:: Input ::

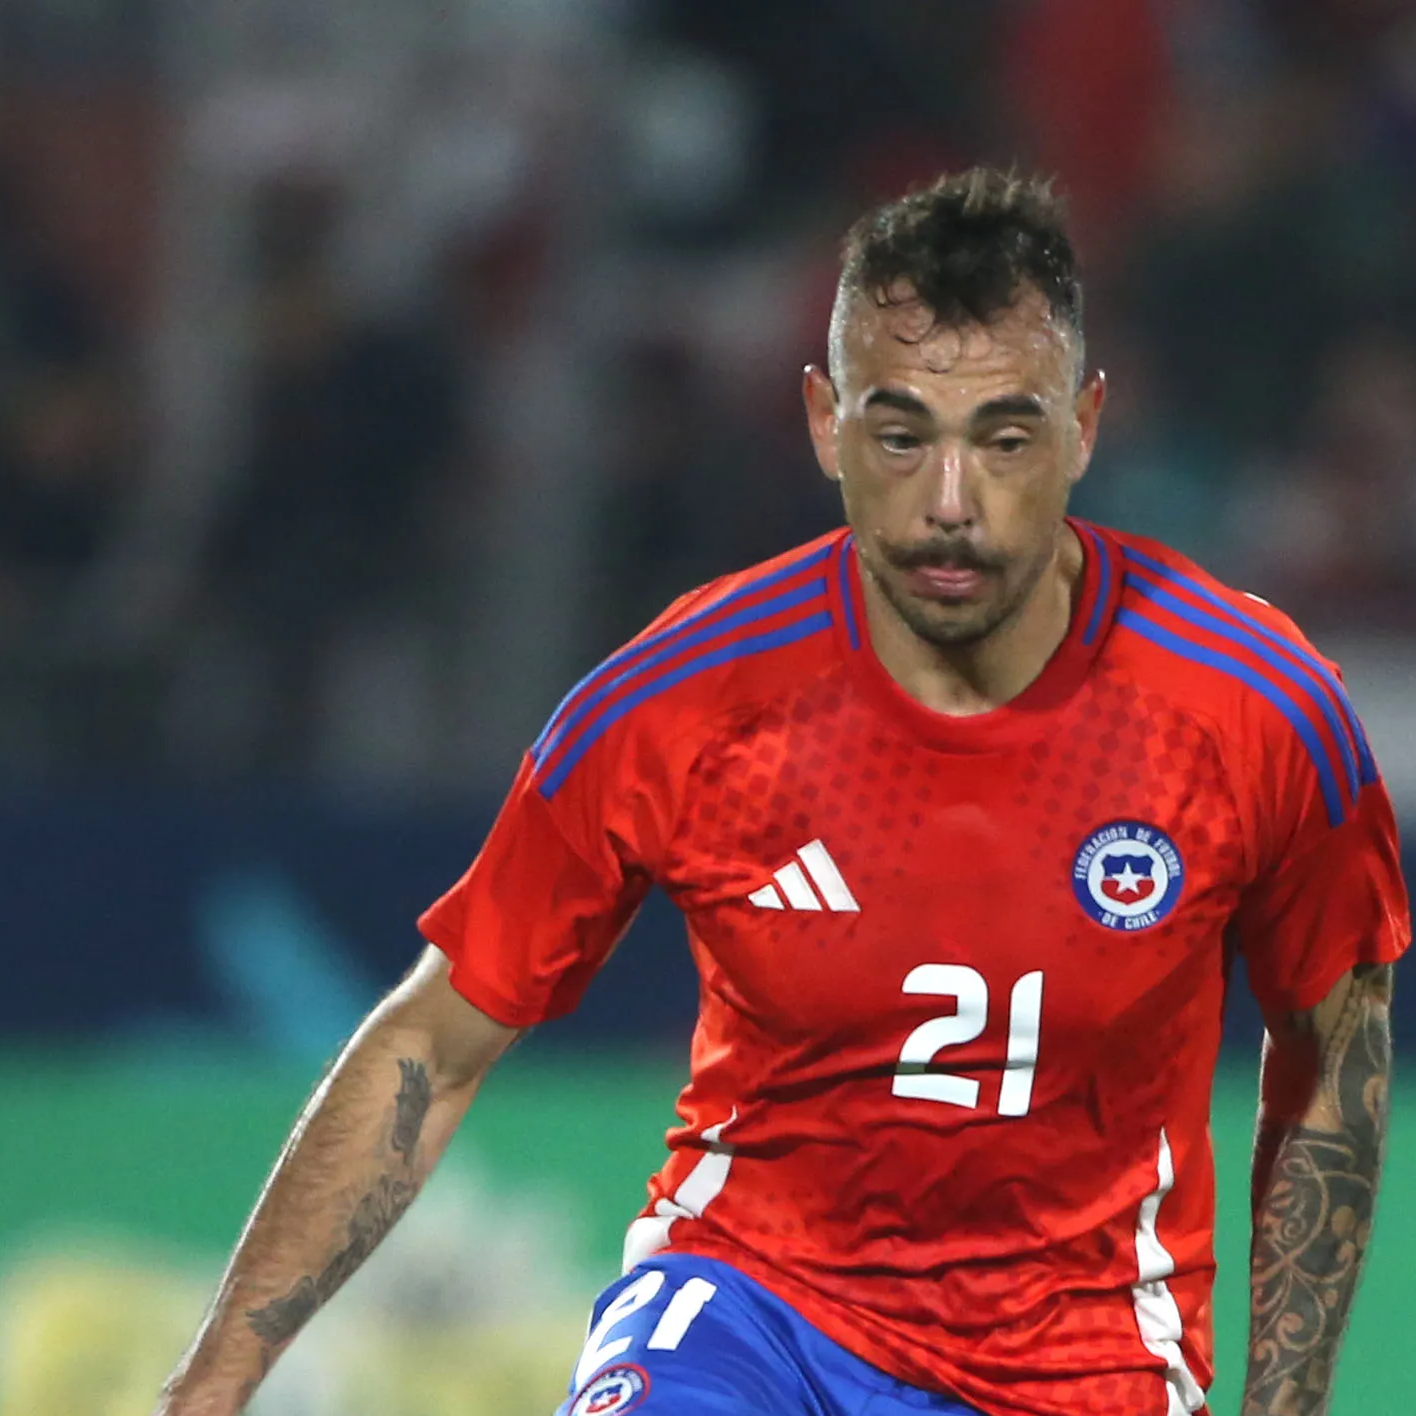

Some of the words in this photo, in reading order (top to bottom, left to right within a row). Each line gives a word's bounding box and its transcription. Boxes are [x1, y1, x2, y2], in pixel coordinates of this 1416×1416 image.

[1101, 911, 1120, 929] DE
[1124, 909, 1158, 930] CHILE
[891, 962, 1045, 1117] 21
[574, 1269, 718, 1393] 21
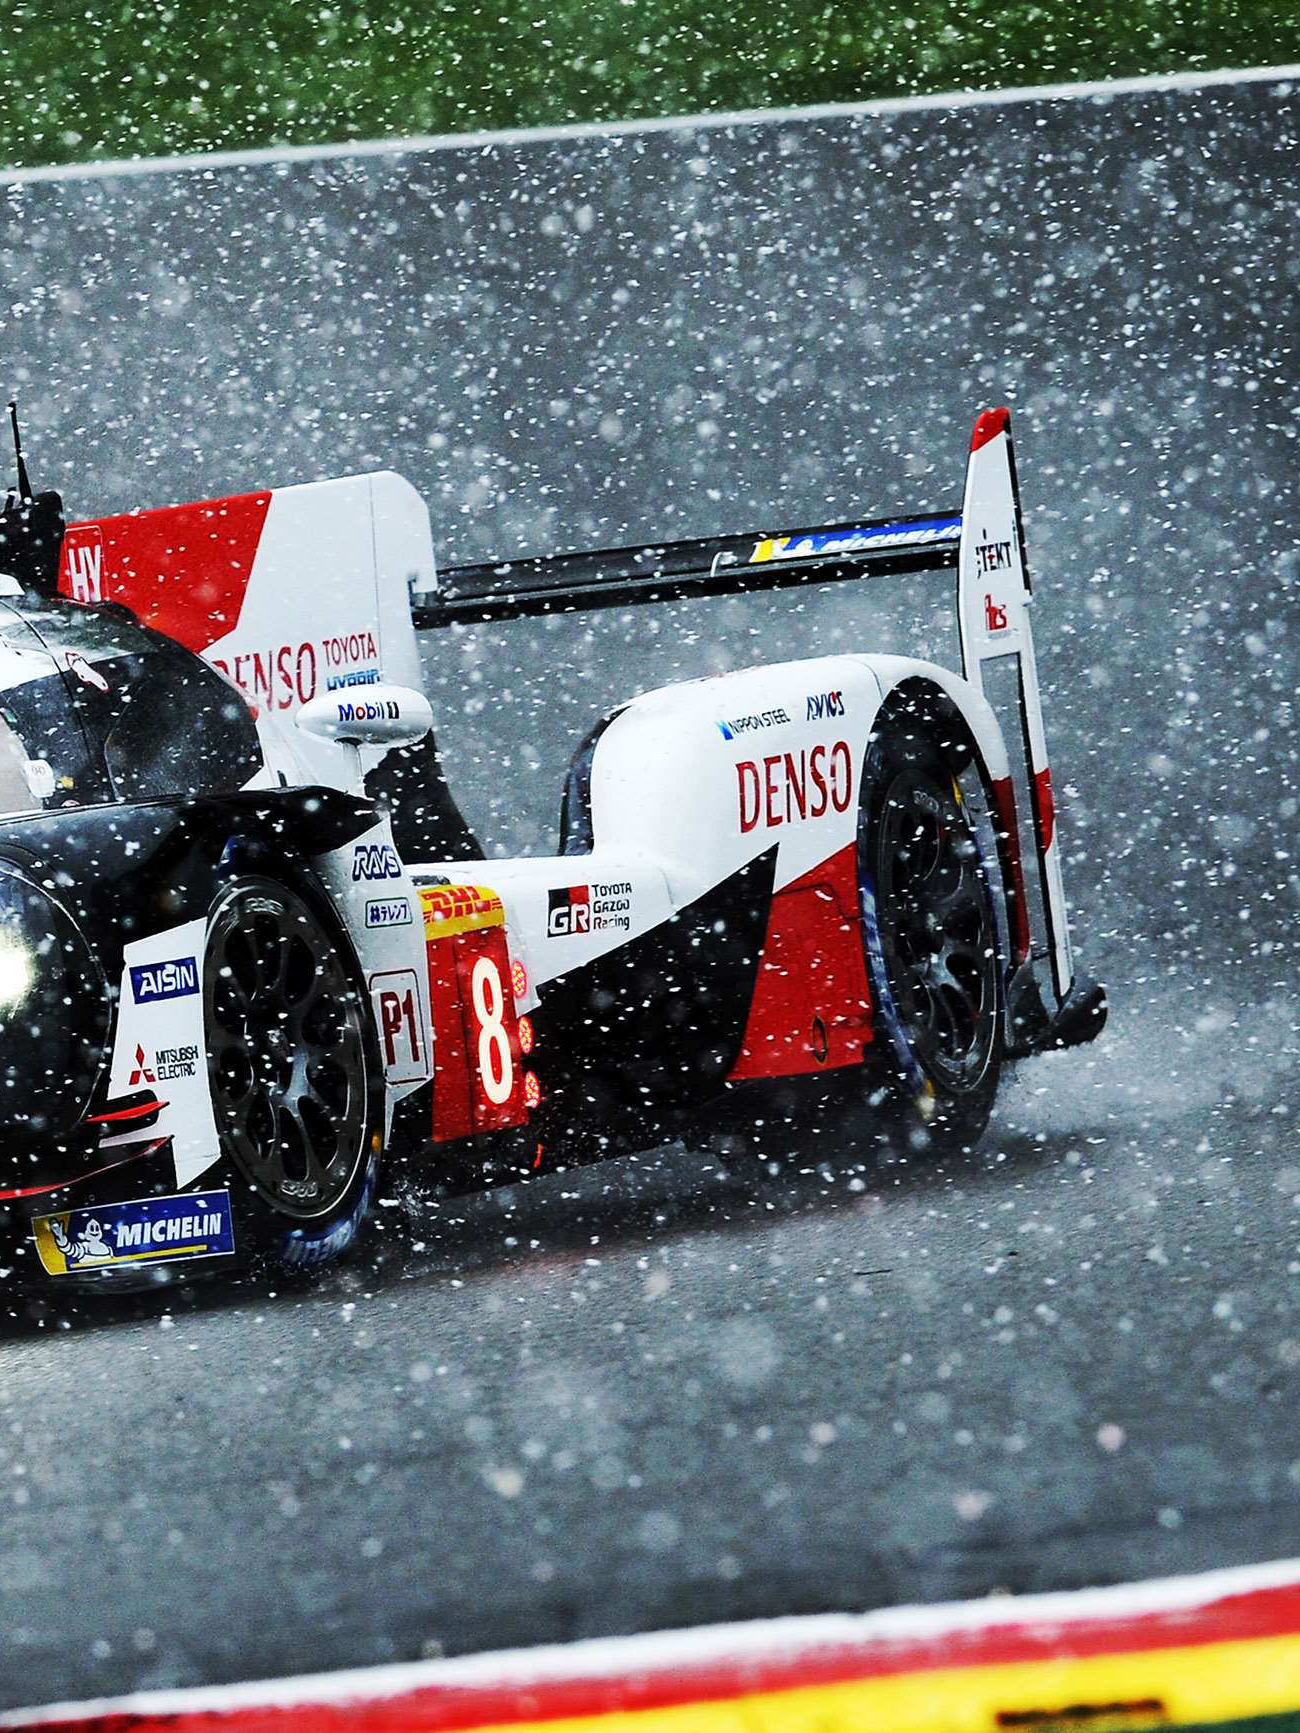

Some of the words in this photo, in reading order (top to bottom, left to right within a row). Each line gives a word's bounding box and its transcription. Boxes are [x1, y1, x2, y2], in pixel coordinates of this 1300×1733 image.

[322, 632, 377, 667] TOYOTA
[338, 703, 385, 722] Mobil
[727, 714, 765, 734] NIPPON
[761, 708, 791, 727] STEEL
[735, 740, 852, 834] DENSO
[352, 845, 402, 881] RAYS
[591, 882, 633, 898] TOYOTA
[593, 899, 630, 914] GAZOO
[548, 903, 589, 935] GR
[593, 914, 631, 931] Racing
[139, 962, 196, 996] AISIN
[379, 989, 421, 1065] P1
[472, 957, 513, 1104] 8
[157, 1061, 197, 1081] ELECTRIC
[116, 1212, 222, 1248] MICHELIN
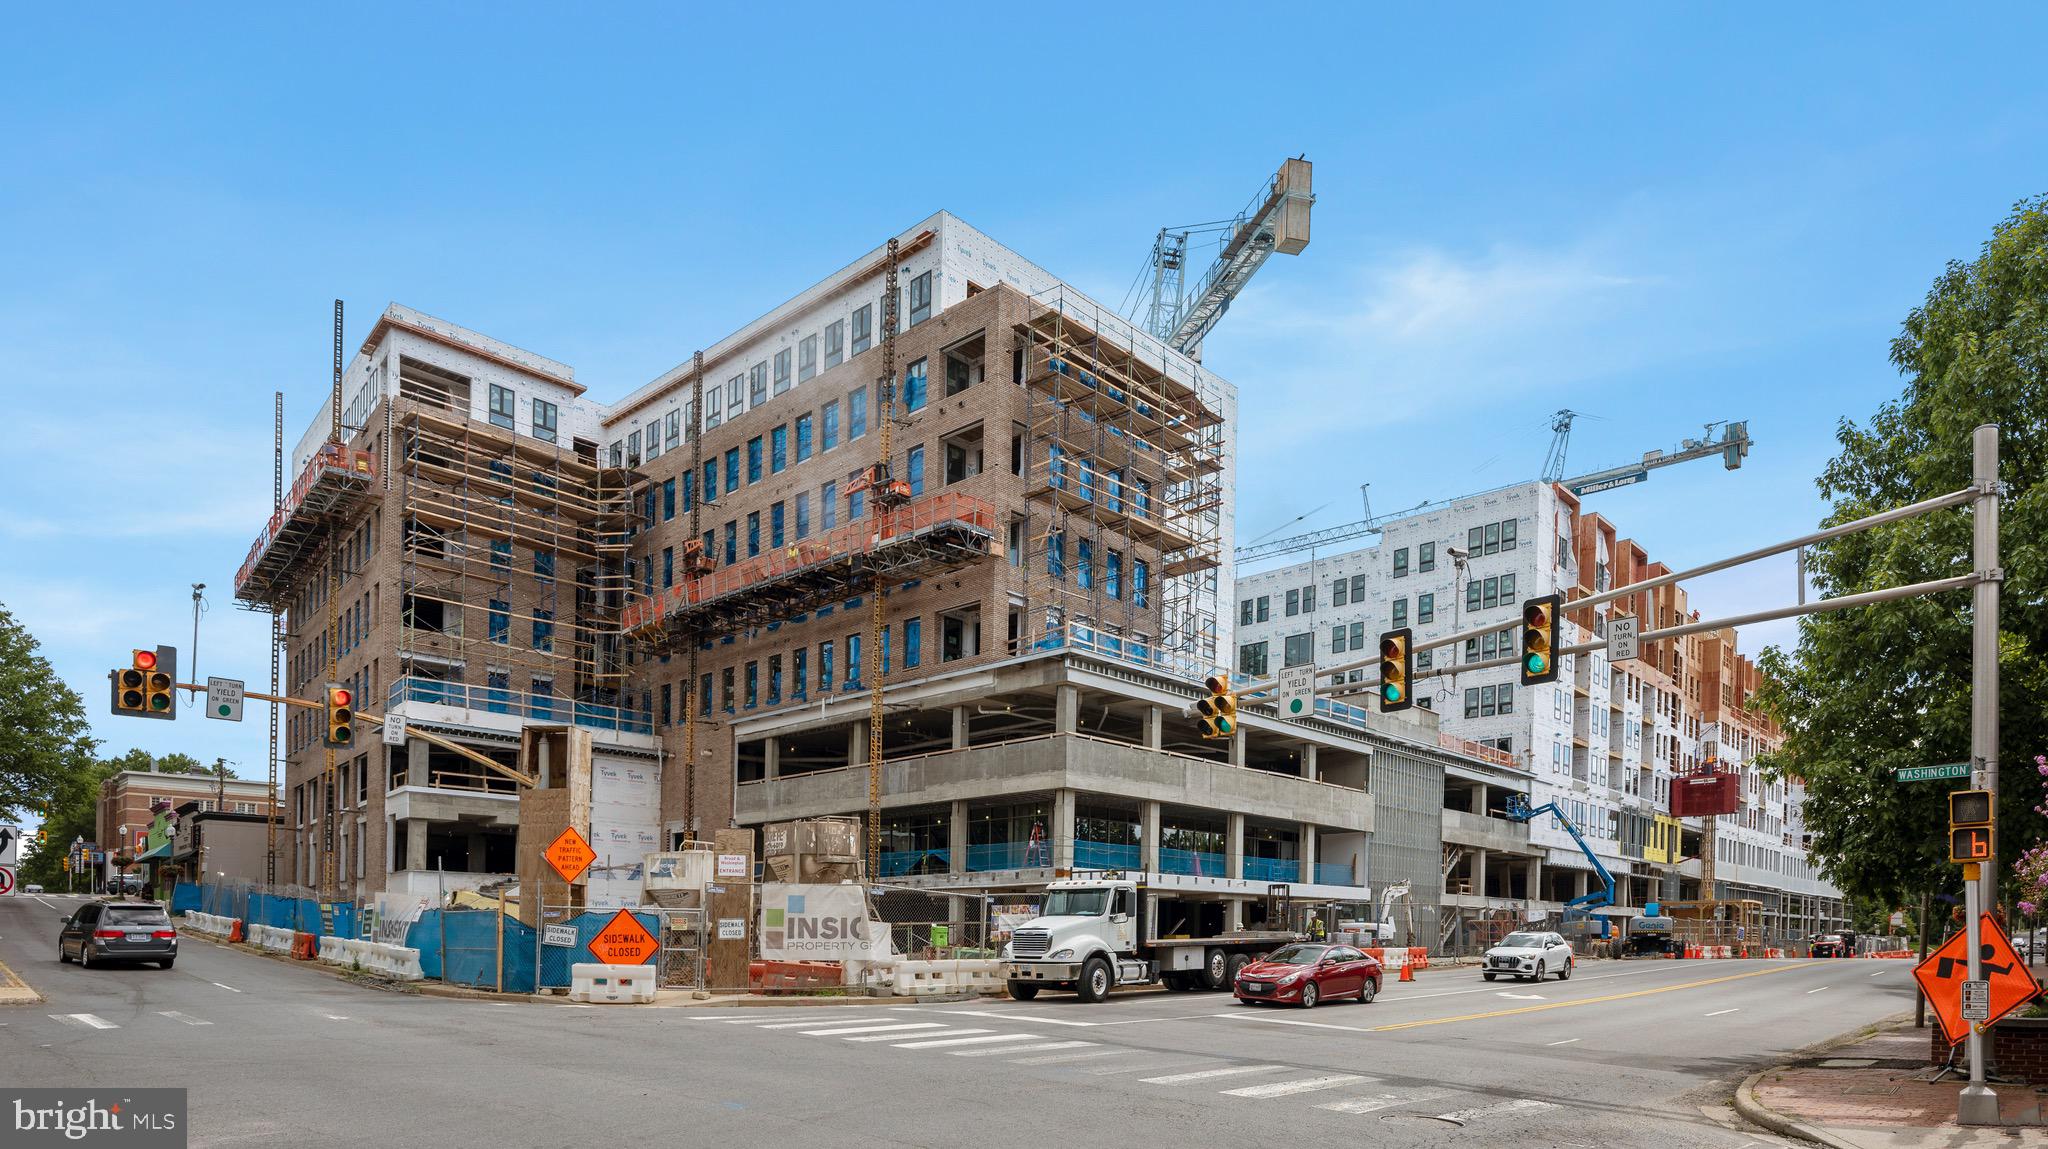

:::

• [Assignment]
Output a verbatim copy of all entries above; no pictures go in it.

• [Result for this task]
Some of the words in this photo, in reading order (top to bottom, left to right within a row). Each line gives a word's bounding box and its transcription. Boxes are [x1, y1, x2, y2], in pixel coordinates of this 1416×1416 image.

[1101, 911, 1120, 929] DE
[1124, 909, 1158, 930] CHILE
[891, 962, 1045, 1117] 21
[574, 1269, 718, 1393] 21

Some of the words in this photo, in reading order (top to bottom, left to right within a row). Each line gives a word's bounding box and its transcription. Boxes are [x1, y1, x2, y2], in pixel coordinates of this 1300×1733 image.

[322, 632, 377, 667] TOYOTA
[338, 703, 385, 722] Mobil
[727, 714, 765, 734] NIPPON
[761, 708, 791, 727] STEEL
[735, 740, 852, 834] DENSO
[352, 845, 402, 881] RAYS
[591, 882, 633, 898] TOYOTA
[593, 899, 630, 914] GAZOO
[548, 903, 589, 935] GR
[593, 914, 631, 931] Racing
[139, 962, 196, 996] AISIN
[379, 989, 421, 1065] P1
[472, 957, 513, 1104] 8
[157, 1061, 197, 1081] ELECTRIC
[116, 1212, 222, 1248] MICHELIN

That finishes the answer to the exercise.